● **Work required**: Your task is to print the listing exactly as it stands.

Listed entries Start Marker

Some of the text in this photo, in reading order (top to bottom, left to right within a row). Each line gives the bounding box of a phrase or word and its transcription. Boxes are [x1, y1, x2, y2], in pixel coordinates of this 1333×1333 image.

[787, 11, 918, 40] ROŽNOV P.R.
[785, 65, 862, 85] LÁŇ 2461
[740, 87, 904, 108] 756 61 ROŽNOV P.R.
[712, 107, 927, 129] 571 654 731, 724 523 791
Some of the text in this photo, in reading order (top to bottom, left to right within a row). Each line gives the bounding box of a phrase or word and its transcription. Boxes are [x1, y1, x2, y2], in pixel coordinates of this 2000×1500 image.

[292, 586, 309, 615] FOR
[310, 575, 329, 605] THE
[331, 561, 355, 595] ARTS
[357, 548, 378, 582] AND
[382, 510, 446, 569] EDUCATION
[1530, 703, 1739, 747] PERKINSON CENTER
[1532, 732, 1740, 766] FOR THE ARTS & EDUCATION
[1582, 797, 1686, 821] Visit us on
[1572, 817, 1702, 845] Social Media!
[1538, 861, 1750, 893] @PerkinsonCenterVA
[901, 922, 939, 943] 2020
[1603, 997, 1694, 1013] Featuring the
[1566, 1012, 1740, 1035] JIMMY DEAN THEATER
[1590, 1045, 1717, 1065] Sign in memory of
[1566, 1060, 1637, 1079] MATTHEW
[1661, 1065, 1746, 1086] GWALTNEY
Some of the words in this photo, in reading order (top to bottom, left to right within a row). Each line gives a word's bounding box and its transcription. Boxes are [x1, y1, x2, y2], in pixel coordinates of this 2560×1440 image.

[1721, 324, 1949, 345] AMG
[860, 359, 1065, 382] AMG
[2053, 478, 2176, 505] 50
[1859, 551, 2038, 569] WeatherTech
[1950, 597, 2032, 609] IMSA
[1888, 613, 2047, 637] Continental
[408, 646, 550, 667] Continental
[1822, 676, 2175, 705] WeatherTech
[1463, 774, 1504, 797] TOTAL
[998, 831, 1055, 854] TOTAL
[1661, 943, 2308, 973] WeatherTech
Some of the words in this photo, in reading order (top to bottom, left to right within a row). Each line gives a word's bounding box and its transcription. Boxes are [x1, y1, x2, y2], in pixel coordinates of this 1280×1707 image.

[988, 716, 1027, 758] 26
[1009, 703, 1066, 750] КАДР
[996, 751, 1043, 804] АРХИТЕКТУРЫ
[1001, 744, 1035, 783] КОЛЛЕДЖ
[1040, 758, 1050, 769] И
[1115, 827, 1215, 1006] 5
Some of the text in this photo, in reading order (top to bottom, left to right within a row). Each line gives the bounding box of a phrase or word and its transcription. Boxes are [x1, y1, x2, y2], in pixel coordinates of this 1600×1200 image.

Listed entries End Marker

● **Answer box**:
Some of the text in this photo, in reading order (top to bottom, left to right within a row). Each line gives the bounding box of a phrase or word and its transcription. Boxes are [x1, y1, x2, y2], in pixel coordinates of this 1333×1333 image.

[787, 11, 918, 40] ROŽNOV P.R.
[785, 65, 862, 85] LÁŇ 2461
[740, 87, 904, 108] 756 61 ROŽNOV P.R.
[712, 107, 927, 129] 571 654 731, 724 523 791
Some of the text in this photo, in reading order (top to bottom, left to right within a row). Each line gives the bounding box of a phrase or word and its transcription. Boxes are [x1, y1, x2, y2], in pixel coordinates of this 2000×1500 image.

[292, 586, 309, 615] FOR
[310, 575, 329, 605] THE
[331, 561, 355, 595] ARTS
[357, 548, 378, 582] AND
[382, 510, 446, 569] EDUCATION
[1530, 703, 1739, 747] PERKINSON CENTER
[1532, 732, 1740, 766] FOR THE ARTS & EDUCATION
[1582, 797, 1686, 821] Visit us on
[1572, 817, 1702, 845] Social Media!
[1538, 861, 1750, 893] @PerkinsonCenterVA
[901, 922, 939, 943] 2020
[1603, 997, 1694, 1013] Featuring the
[1566, 1012, 1740, 1035] JIMMY DEAN THEATER
[1590, 1045, 1717, 1065] Sign in memory of
[1566, 1060, 1637, 1079] MATTHEW
[1661, 1065, 1746, 1086] GWALTNEY
Some of the words in this photo, in reading order (top to bottom, left to right within a row). Each line gives a word's bounding box and its transcription. Boxes are [x1, y1, x2, y2], in pixel coordinates of this 2560×1440 image.

[1721, 324, 1949, 345] AMG
[860, 359, 1065, 382] AMG
[2053, 478, 2176, 505] 50
[1859, 551, 2038, 569] WeatherTech
[1950, 597, 2032, 609] IMSA
[1888, 613, 2047, 637] Continental
[408, 646, 550, 667] Continental
[1822, 676, 2175, 705] WeatherTech
[1463, 774, 1504, 797] TOTAL
[998, 831, 1055, 854] TOTAL
[1661, 943, 2308, 973] WeatherTech
Some of the words in this photo, in reading order (top to bottom, left to right within a row). Each line gives a word's bounding box and its transcription. Boxes are [x1, y1, x2, y2], in pixel coordinates of this 1280×1707 image.

[988, 716, 1027, 758] 26
[1009, 703, 1066, 750] КАДР
[996, 751, 1043, 804] АРХИТЕКТУРЫ
[1001, 744, 1035, 783] КОЛЛЕДЖ
[1040, 758, 1050, 769] И
[1115, 827, 1215, 1006] 5
Some of the text in this photo, in reading order (top to bottom, left to right within a row). Each line gives the bounding box of a phrase or word and its transcription. Boxes are [x1, y1, x2, y2], in pixel coordinates of this 1600×1200 image.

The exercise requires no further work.